O que eu gosto mesmo nas revistas da cusquice é toda a envolvência da coisa. Eu explico: não, não são as estórias sórdidas, a lavagem de roupa suja na via pública, as estéticas novas oh-my-eyes, quem vai parir de novo ou quem vai assinar os papéis desta vez. Não, não é isso. Claro que também gosto de ver as roupinhas e sapatinhos e muitas vezes até que se me enche o ego, porque penso cá com os meus botões que eu, com 1/10 do orçamento daquelas alminhas, ando mais apresentável que alguma gente "jeite seben". Mas pronto, isso são coisas cá minhas, que quando preciso de uma injecção de auto-estima, me dedico a pensar que "não se vistam às escuras "milheres", coisas más acontecem!" Mas também não é isso que eu gosto mesmo, mesmo. O que eu gosto mesmo mesmo é de ir ao Pingo Doce (eu gosto muito do Pingo Doce, apesar de não saber ao que isso agora interessa), me encostar perto das caixas de revistinha na mão e ver o ar das velhinhas que por mim passam. "desavergonhada, até se encosta a ler a revista". Ou " se tem algum jeito, aposto que não vai comprar a revista". Também há a versão "mas que grande lata". E depois há as que olham de alto abaixo e abanam a cabeça, com aquele ar de "francamente". Pois que eu estou-me a borrifar. De verdade. Adoro ler as últimas estorietas da chamada imprensa do coração de borla (eu tenho acesso à internet mas não é a mesma coisa, não me contrariem) enquanto apoquento umas quantas almas. Sim, eu sei, quando morrer vou para o Inferno. Mas, para atenuar um bocadinho a minha condição de "devias era ter vergonha", confesso que, muito de vez em quando, lá trago uma comigo. A revistinha do coração não é só um excelente boost de afinal-não-estás-assim-tão-mal como é, pasmem-se, excelente leitura de casa de banho.
03 fevereiro 2014
O mal é a roupa suja.
O que eu queria agora era uma botija de água quente. E que alguém me enfiasse na cama, me desse um cházinho quente com uma bolachinha ou um croissant com fiambre e dissesse para estar descansada, não me preocupar com nada e dormir.

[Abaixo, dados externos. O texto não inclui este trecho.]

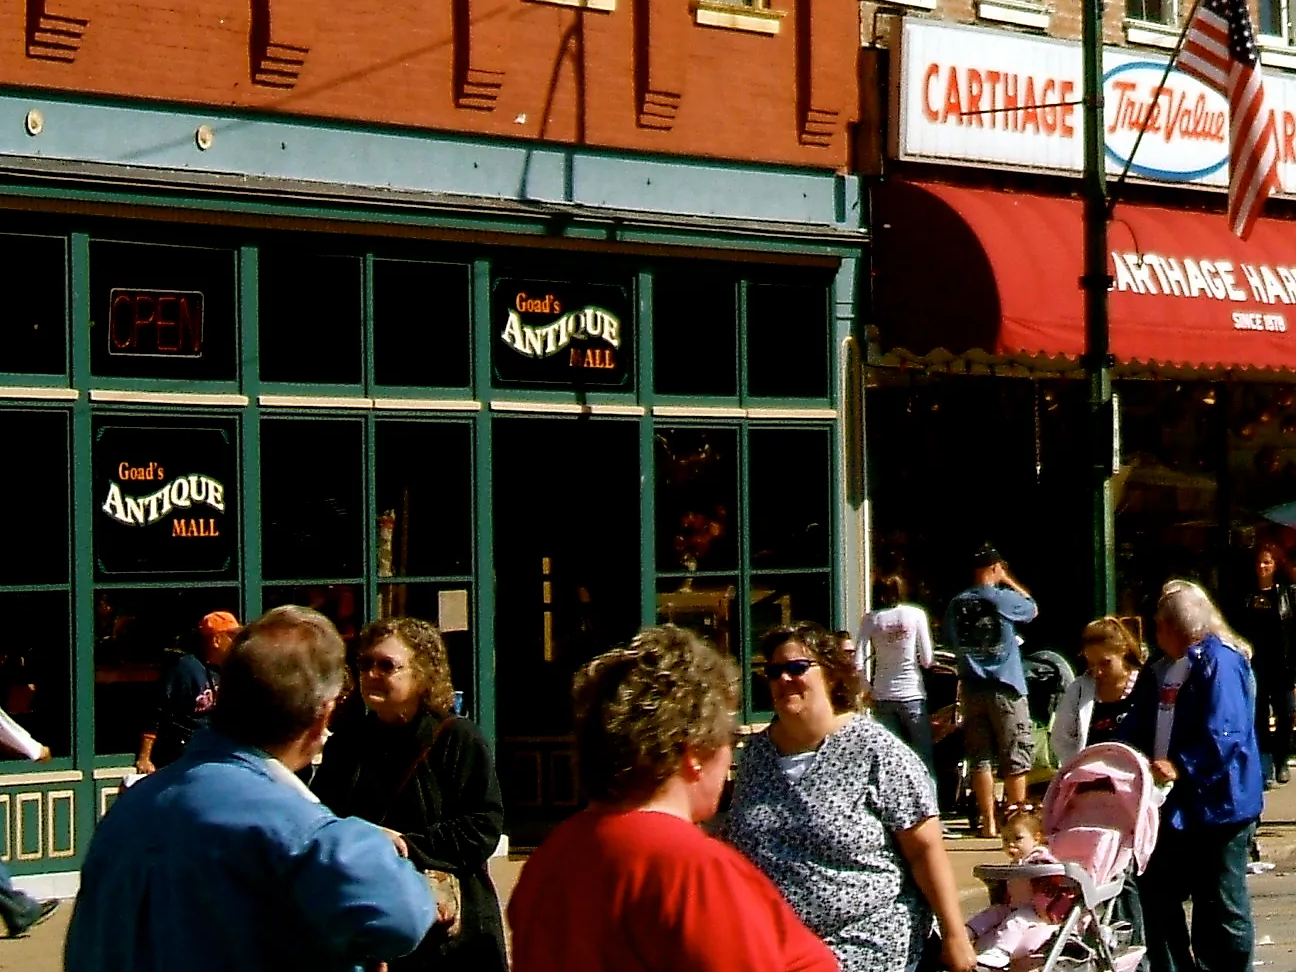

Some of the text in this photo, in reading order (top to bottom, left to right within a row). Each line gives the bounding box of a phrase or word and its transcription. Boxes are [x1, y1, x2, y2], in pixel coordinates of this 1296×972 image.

Em vez disso, arrastei-me da cama para fora, dei de comer ao cão e ao gato, vesti-me, vesti a piquena, dei-lhe o pequeno almoço, preparei-lhe a mochila para levar para a escola, mediquei-a, mediquei-me, deixei-a na escola e agora estou a tentar fazer algo de útil. Mas as letras dançam-me numa valsa estonteante, pesa-me a cabeça, não sei que vou fazer de jantar para alimentar a criança e esqueci-me de por a máquina da roupa a lavar, grande merda, é o meu drama de hoje, a máquina carregada e eu não carreguei no botão. O que eu queria agora era mesmo qualquer coisa que não o que tenho. Lamento, mas isto hoje não sai nada de inspiracional, bonitinho ou fófinho. Estou farta de doenças, achaques diversos, panelas e roupa para lavar. Sim, o pior é mesmo a roupa para lavar. Ou não.